■ **ACTIVITY**
Only the text of the records belongs in the answer, copied exactly, with every picture omitted.

↓↓↓

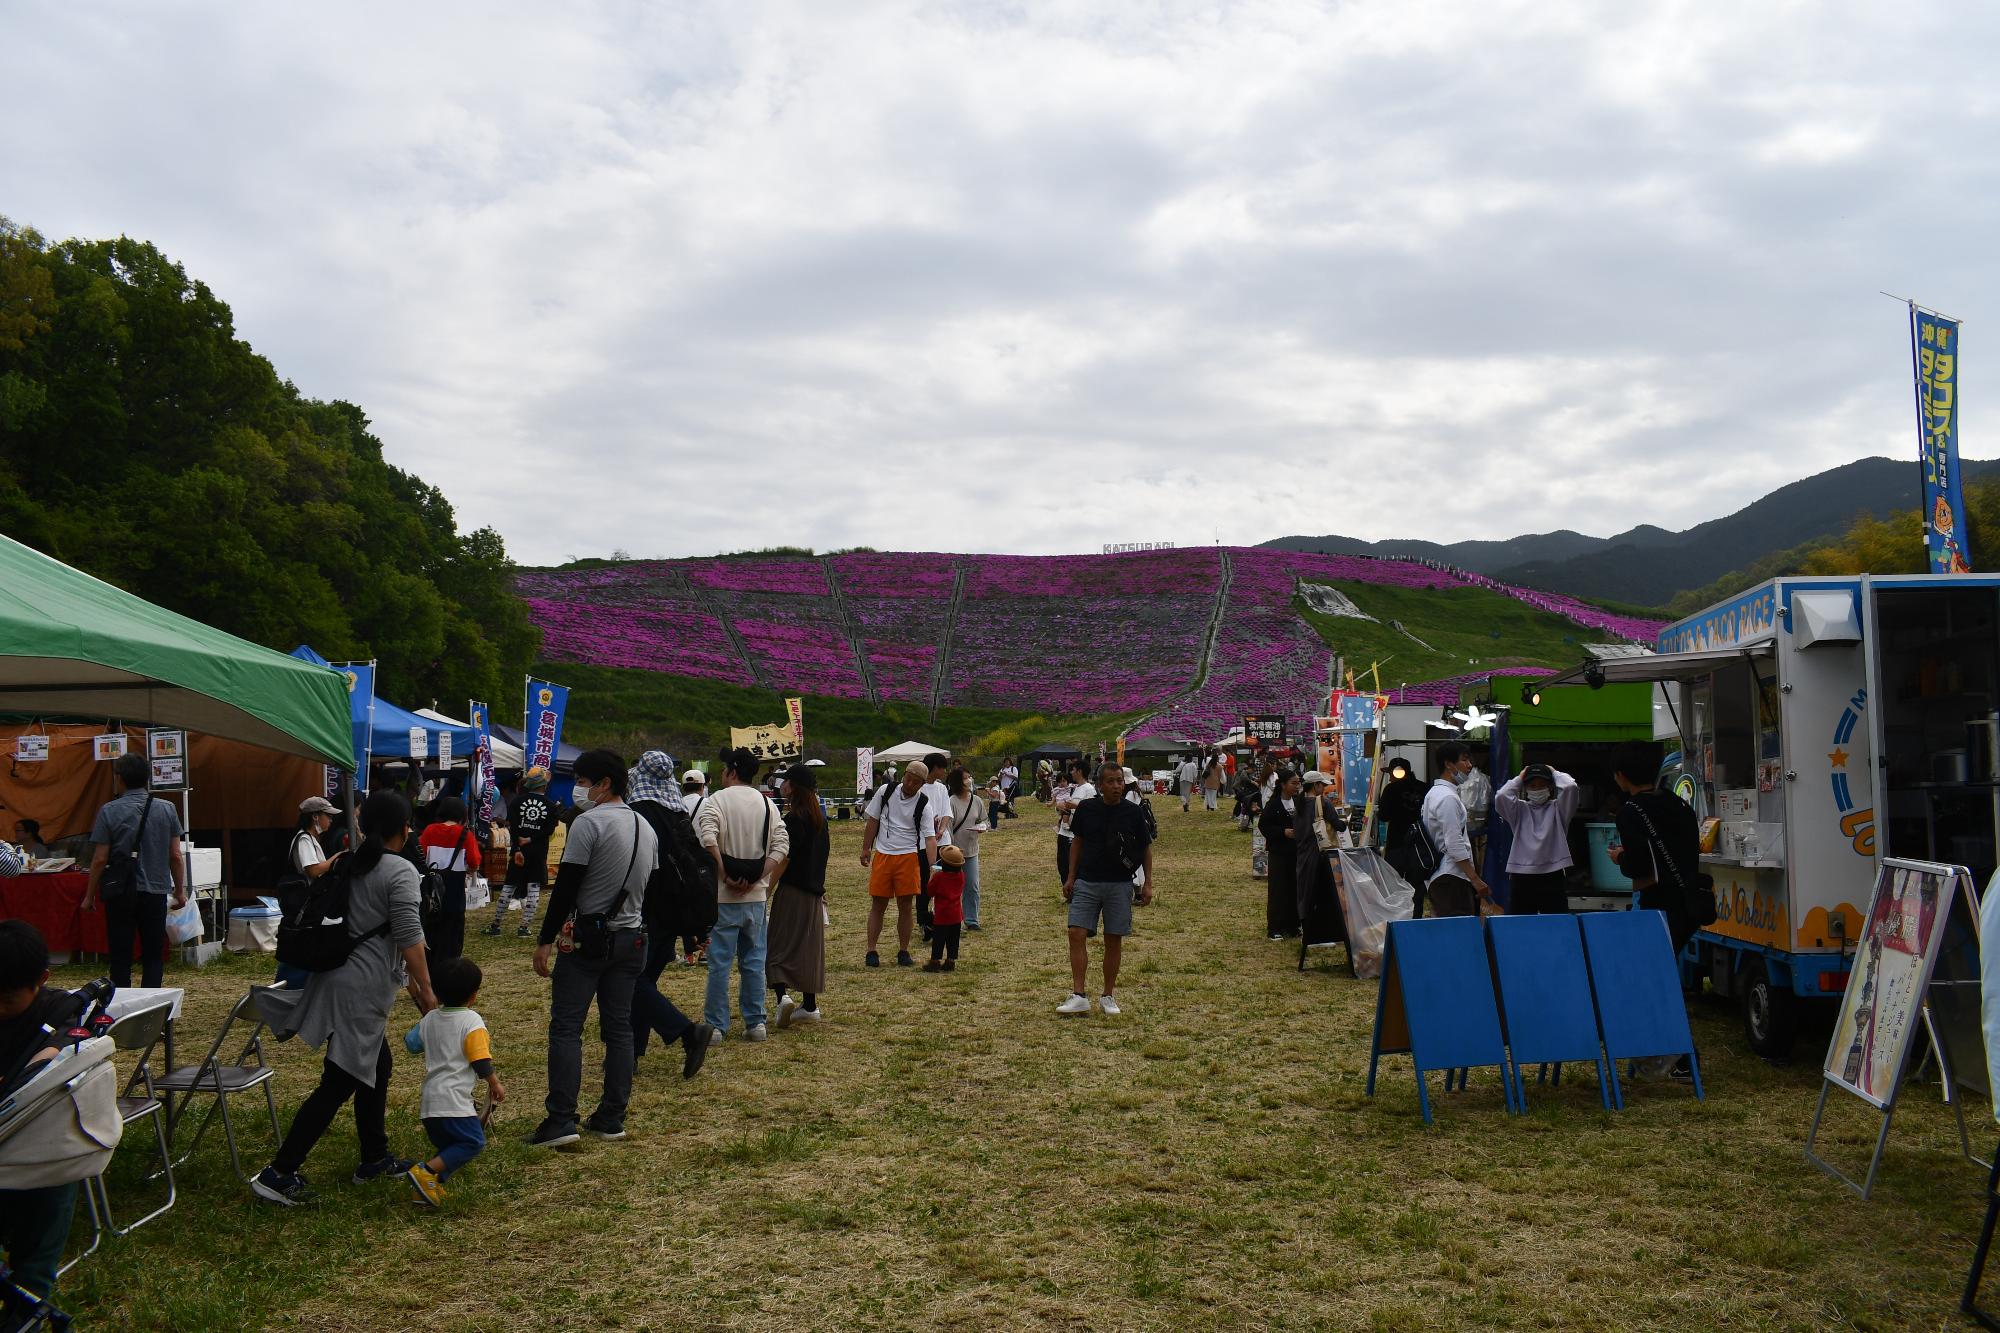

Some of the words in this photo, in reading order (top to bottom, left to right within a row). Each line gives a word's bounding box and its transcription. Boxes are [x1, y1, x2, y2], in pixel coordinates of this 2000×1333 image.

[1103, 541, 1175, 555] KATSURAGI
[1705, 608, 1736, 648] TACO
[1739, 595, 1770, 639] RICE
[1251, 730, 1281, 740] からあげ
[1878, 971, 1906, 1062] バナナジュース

↑↑↑

■ **REPLY**
Some of the words in this photo, in reading order (top to bottom, left to right within a row). Each line gives a word's bounding box and its transcription. Boxes are [x1, y1, x2, y2], in pixel coordinates of this 2000×1333 image.

[1103, 541, 1175, 555] KATSURAGI
[1705, 608, 1736, 648] TACO
[1739, 595, 1770, 639] RICE
[1251, 730, 1281, 740] からあげ
[1878, 971, 1906, 1062] バナナジュース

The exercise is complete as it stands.